In a previous post I wrote about wanting to read this book after not reading a poetry book for a long time. I also mentioned my own poem in which I mentioned this poet’s name, but due to memory loss surrounding that time I hadn’t remembered reading her writings or a specific connection to them.
I want to add, I made a decision to not look up online anything about the poet until after I completed the book since I know I had read her poems before and also that I had read a little about her life then even if I can’t remember now.
The Reading Experience
Collected Lyrics by Edna St. Vincent Millay is the kind of book I was eager to read, one poem after the next, and I felt I could absorb them without a need to slow way down to understand them. I was wanting to savor the book, so the next times I read it, I read at night before bed and with a cup of chamomile lavender tea. Other nights I read without any tea. And last night, I read more than the other nights because these poems are not complex in language or hard to appreciate. I was able to read a good amount of them without feeling overwhelmed or that they were too simple either.
One night I was too tired to read. Half asleep, I had the book in my hand and set it down next to my bed and phone to charge, as I lied there I thought, “Am I crazy that a book feels like nice company?” Not too crazy. 🙂
I read the book last night, only reading at night, but decided the end of it would be nice to finish in the morning. So I read the remaining poems and the last one this morning and closed the book with the bright sun rising through the clouds.
Reflections on Collected Lyrics
These poems are image-based evoking particular nature places with a few refreshing city poems sprinkled in. Along with the sense of a familiar place, she mentions foreign places to her like China, India, and Japan. They also contain references to mythological ideas and characters along with spiritual imagery.

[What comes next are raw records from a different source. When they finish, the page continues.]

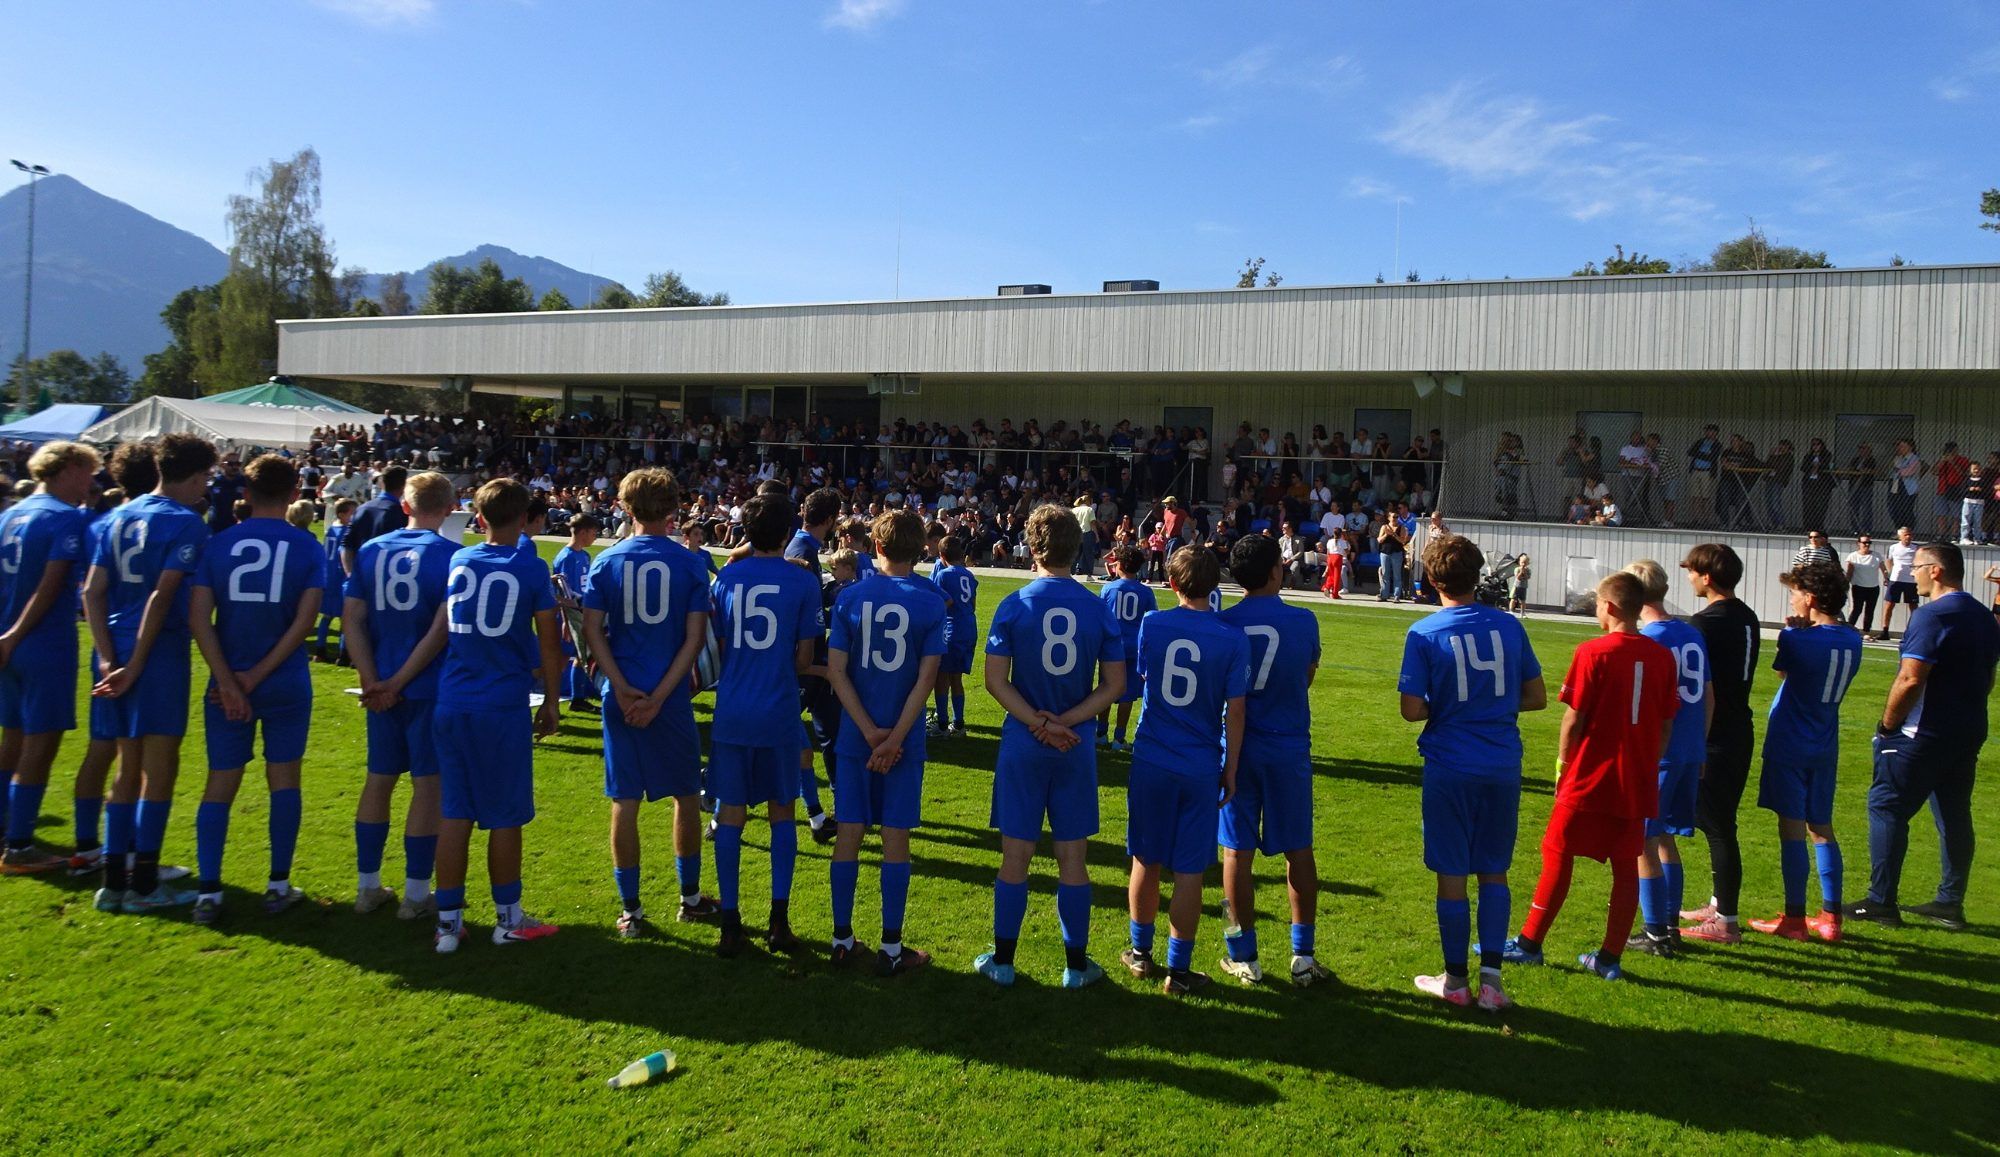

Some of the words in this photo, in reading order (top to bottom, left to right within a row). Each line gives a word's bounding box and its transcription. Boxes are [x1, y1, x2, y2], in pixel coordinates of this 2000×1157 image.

[1, 514, 32, 574] 5
[111, 517, 149, 583] 12
[229, 538, 289, 603] 21
[375, 549, 420, 611] 18
[447, 565, 520, 637] 20
[623, 560, 671, 625] 10
[959, 575, 972, 603] 9
[1116, 591, 1139, 621] 10
[733, 583, 778, 650] 15
[862, 601, 910, 672] 13
[1042, 607, 1077, 676] 8
[1161, 639, 1200, 707] 6
[1244, 624, 1280, 690] 7
[1449, 629, 1505, 702] 14
[1743, 625, 1752, 681] 1
[1821, 649, 1853, 703] 11
[1631, 661, 1644, 725] 1

While some other poems come forth while the poet himself or herself falls to the backdrop, these poems contain a very real voice rising up—they feel to me very much Edna. They are not loud statements or come from a distant perspective; they feel intimate.
Edna’s writing reveals darkness of death and its consideration in a graceful, strong, sometimes sweetly hopeful way, without arrogance or coldness. There are many meditations about death using familiar to me natural imagery including autumn leaves, flowers, birds, and the sea, along with romantic love poems with natural imagery and some physical details of those maybe Edna loved, love-hated, or loved no more. She mentions tea a lot which made me smile. Even though the copyright of the book is 1917, these poems are timeless and can apply to right now. They are in form but they never feel constricted. And although I have not read any of them aloud yet, the lines are short as if timed with the natural breath in and out.

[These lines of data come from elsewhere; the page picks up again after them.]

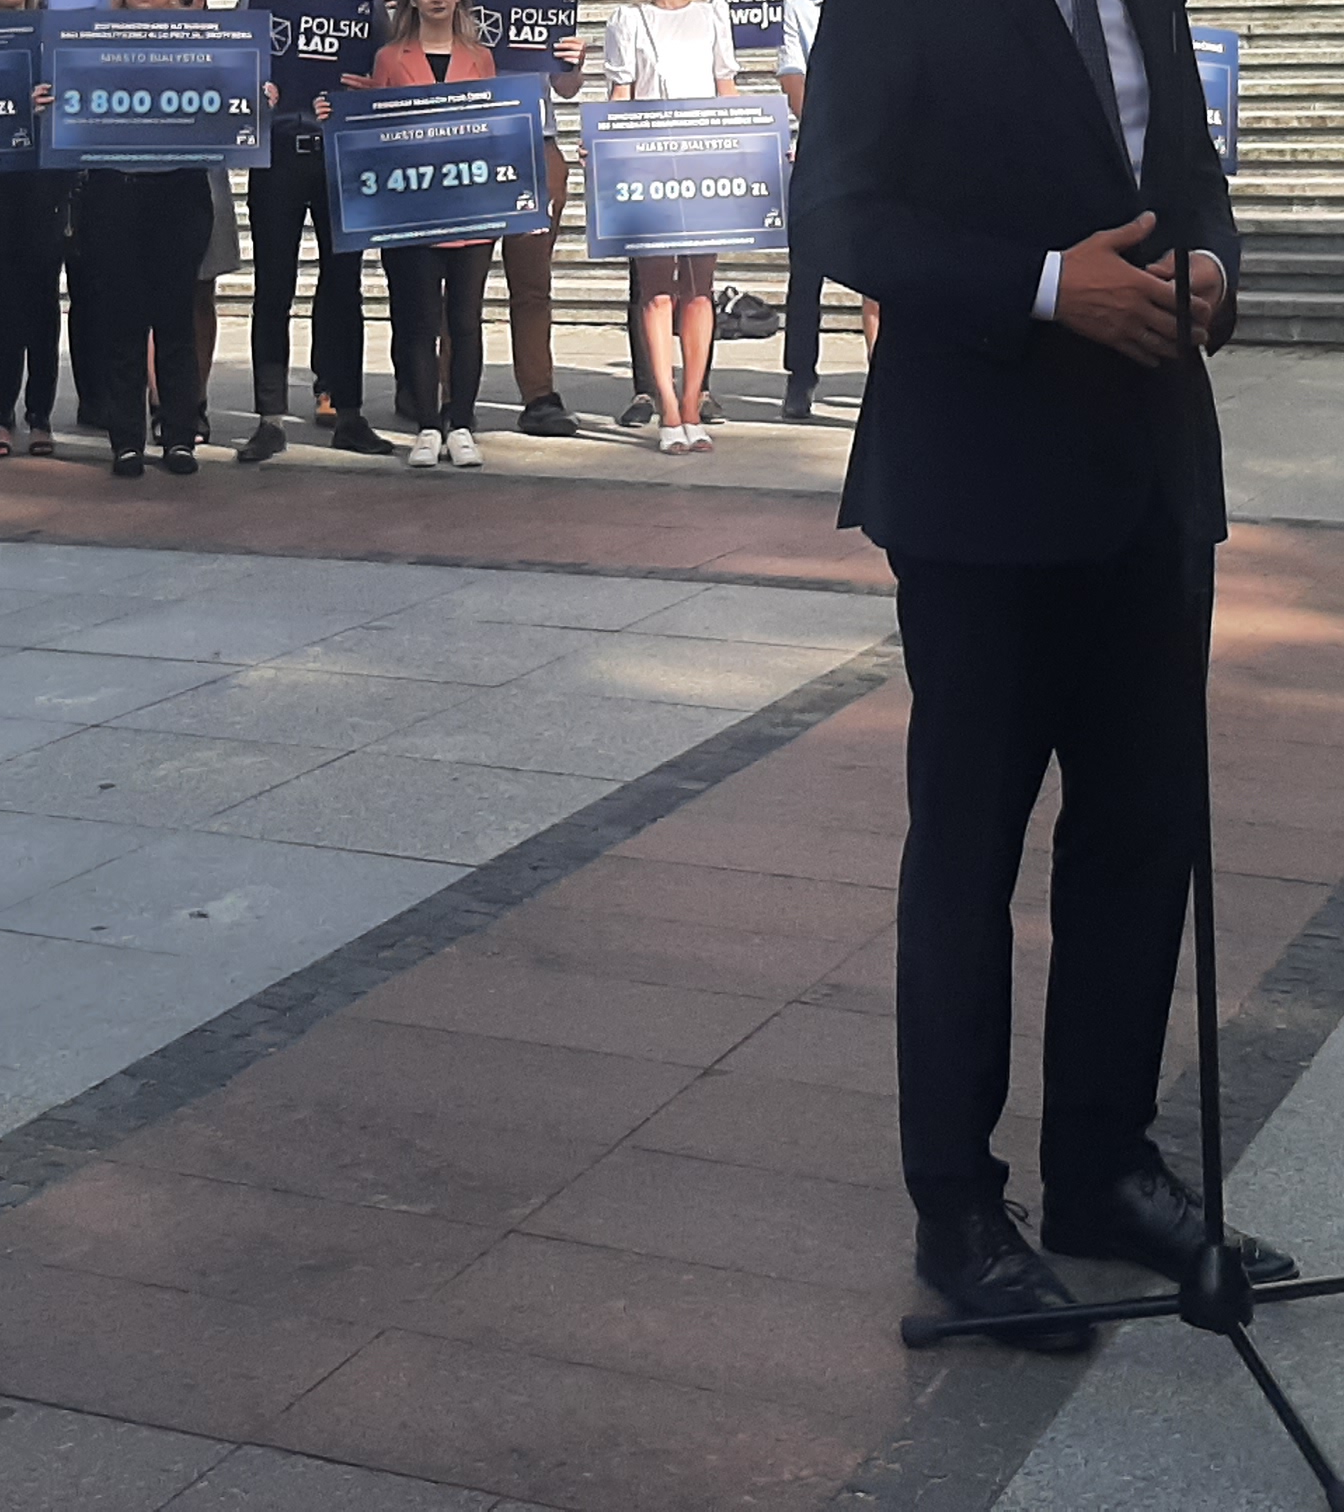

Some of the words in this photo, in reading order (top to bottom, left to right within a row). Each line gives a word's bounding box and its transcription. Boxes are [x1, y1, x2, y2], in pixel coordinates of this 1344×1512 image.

[299, 16, 369, 39] POLSKI
[510, 8, 576, 26] POLSKI
[729, 2, 783, 30] woju
[297, 35, 340, 53] ŁAD
[508, 24, 549, 42] ŁAD
[63, 89, 82, 114] 3
[90, 89, 153, 115] 800
[160, 89, 222, 115] 000
[360, 171, 378, 195] 3
[387, 165, 435, 192] 417
[441, 160, 489, 187] 219
[615, 182, 645, 202] 32
[649, 178, 696, 201] 000
[701, 176, 747, 199] 000

My Little Predictions of Edna
For fun, I am going to share what I might’ve learned about Edna from reading her poems.
I believe she had moved between joy, and sometimes elation, sorrow and depression, and sometimes felt the same together.

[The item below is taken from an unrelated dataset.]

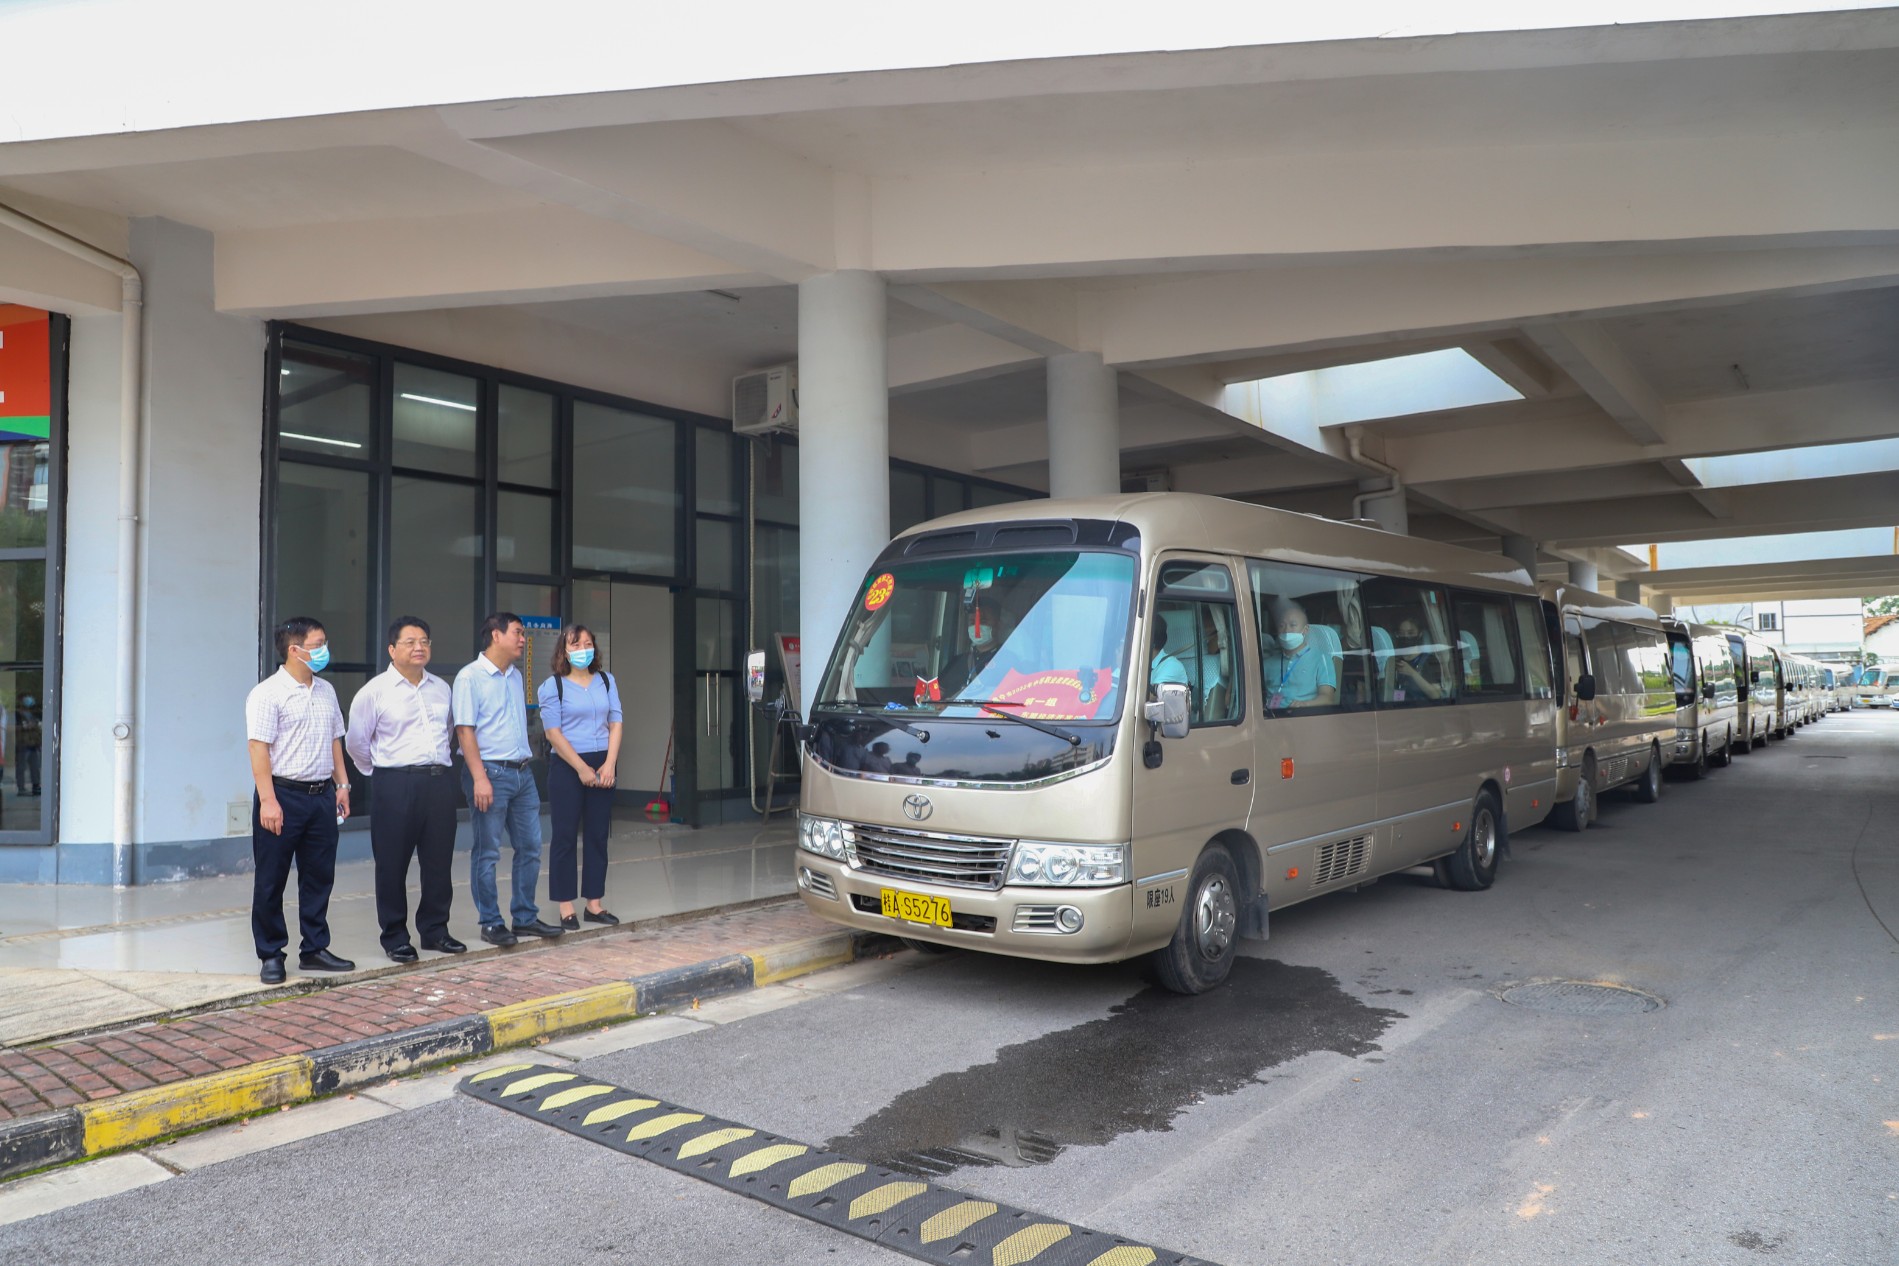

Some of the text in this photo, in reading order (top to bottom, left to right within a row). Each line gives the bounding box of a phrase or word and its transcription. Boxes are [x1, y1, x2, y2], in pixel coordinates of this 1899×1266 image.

I wanted to break my promise and look her up online when I saw a few poems toward the middle to end with Massachusetts in the title or Cape Cod. My guess is that she lived much of her life in the northeast, maybe New England. In some of the city poems I was thinking, New York City?
Some of the poems seem to be about a woman with dark hair who did not like the cold, and in these poems Edna’s tone is gentle, warm, and sorrowful— it seems the woman had died and/or they were estranged. I think she also loved someone from East Asia. A lot of the men she writes about are described in their graves, but there is a sort of humor from her in the poems. It seems she very much loved the sea and had to move away from this sea she loved.
Written in an authentic way, Edna’s personality seems to shine through her words, and even while presenting dark subjects she softens the blow with her humor, expression, and resolve.
I won’t say much more, just wanted to share this book recommendation and my experience reading it.
If you are curious, here is a link to the poem it seems I could’ve been replying to in my own poem, “The Sea Lair” in Moonflower. The mood of her poems are often calm; this one is more passionate.
After I post this, I will look up a little about Edna online and update any misinformation.
Update: There isn’t any misinformation I can see. She was born and lived her early life in Maine, went to Vassar College in Poughkeepsie, New York, moved to Greenwich Village, Manhattan (Yes, those probably were New York City poems), and died upstate Austerlitz, New York. As for her image, the one that came to mind was right. She was born February 22, 1892. (I was born February 19th.)